Take a results-oriented, execution-driven approach to become “risk-adept” rather than “risk-averse.”

A best-leading-industry approach has these elements:

  • Use strategies and processes that drive value (access, execute, monitor, remediate and report)
  • Establish effective processes integrated with automated workflows to make sure nothing important is skipped
  • Maintain a library of tested risk indicators and control activities
  • Remain current with new and emerging risk factors and compliance issues
  • Leverage insights about leading practices from many industries

The approach should be designed to help your organization better identify, understand, and manage the dynamic interrelationships between risk and compliance and incorporate those disciplines into daily business activities.

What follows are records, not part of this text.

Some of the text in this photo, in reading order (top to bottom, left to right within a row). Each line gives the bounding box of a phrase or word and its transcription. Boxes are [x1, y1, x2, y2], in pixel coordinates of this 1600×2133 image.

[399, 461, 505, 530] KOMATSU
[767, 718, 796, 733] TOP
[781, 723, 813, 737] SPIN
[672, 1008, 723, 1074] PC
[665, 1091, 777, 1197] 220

Build up a global, unified risk and compliance framework that can be vertically tailored to your specific needs, allowing your organization to assert more control over complex and ever-changing risk and compliance dynamics. With this approach, you can achieve greater levels of compliance and better manage risk at less cost with degrees of efficiency and precision not possible with a traditional siloed approach.

3. EGRC comprises strategy, business process, and technology.

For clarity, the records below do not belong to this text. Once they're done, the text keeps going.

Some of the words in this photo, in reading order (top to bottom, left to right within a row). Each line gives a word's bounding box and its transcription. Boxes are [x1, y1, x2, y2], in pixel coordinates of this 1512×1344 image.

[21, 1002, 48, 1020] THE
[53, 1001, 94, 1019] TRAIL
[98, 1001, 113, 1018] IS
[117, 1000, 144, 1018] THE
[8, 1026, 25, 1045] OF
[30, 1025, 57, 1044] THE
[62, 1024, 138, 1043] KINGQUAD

An enterprise-wide governance, risk, and compliance implementation (EGRC) comprises strategy, business process, and technology to give your organization an enterprise-scale platform configurable to address a host of regulatory requirements, industry standards, and controls and internal policies. It should help managers and auditors assess the potential effect of threats and vulnerabilities on compliance—including the risk of noncompliance itself—by covering:

  • Regulatory compliance: providing a comprehensive framework for managing Sarbanes-Oxley, Japanese Sarbanes-Oxley, Basel II, Markets in Financial Instruments Directive, OMB Circular A-123, and other compliance initiatives.
  • Internal policies and procedures: configuring the solution to your organization’s specific needs.
  • Enterprise risk management: assessing and managing business risks using key risk indicators that measure risk likelihood and effect, then translates those effects into control objectives and monitors effectiveness through compliance.

For companies based in the United States, the EGRC solution should align with the Public Company Accounting Oversight Board’s Auditing Standard No. 5, which encourages a risk-based approach to compliance under Sarbanes-Oxley Section 404. It gives public companies greater flexibility to focus compliance initiatives on areas that present the greatest degree of risk, such as financial-closing processes or fraud-management controls, rather than on myriad Sarbanes-Oxley-based controls without regard to the importance to their business.

4. EGRC is aware of end-users needs.

Based on our experience, the primary end-user wants to:

  • Store, access, search, track, and manage risk and compliance data, e.g., by a survey functionality that helps users in making a realistic assessment of their current state and also chart out the course of action for their risk or compliance program.
  • Automate workflow processes and information routing.
  • Prioritize, assess, and manage remediation of control deficiencies, e.g., by entering risk, KRI, and compliance data into libraries or link attributes through a hierarchy.
  • Collaborate atop a familiar standards-based platform.
  • Monitor risk and compliance with metrics, alerts, and analytics, e.g., by reviewing the status of risk and compliance metrics.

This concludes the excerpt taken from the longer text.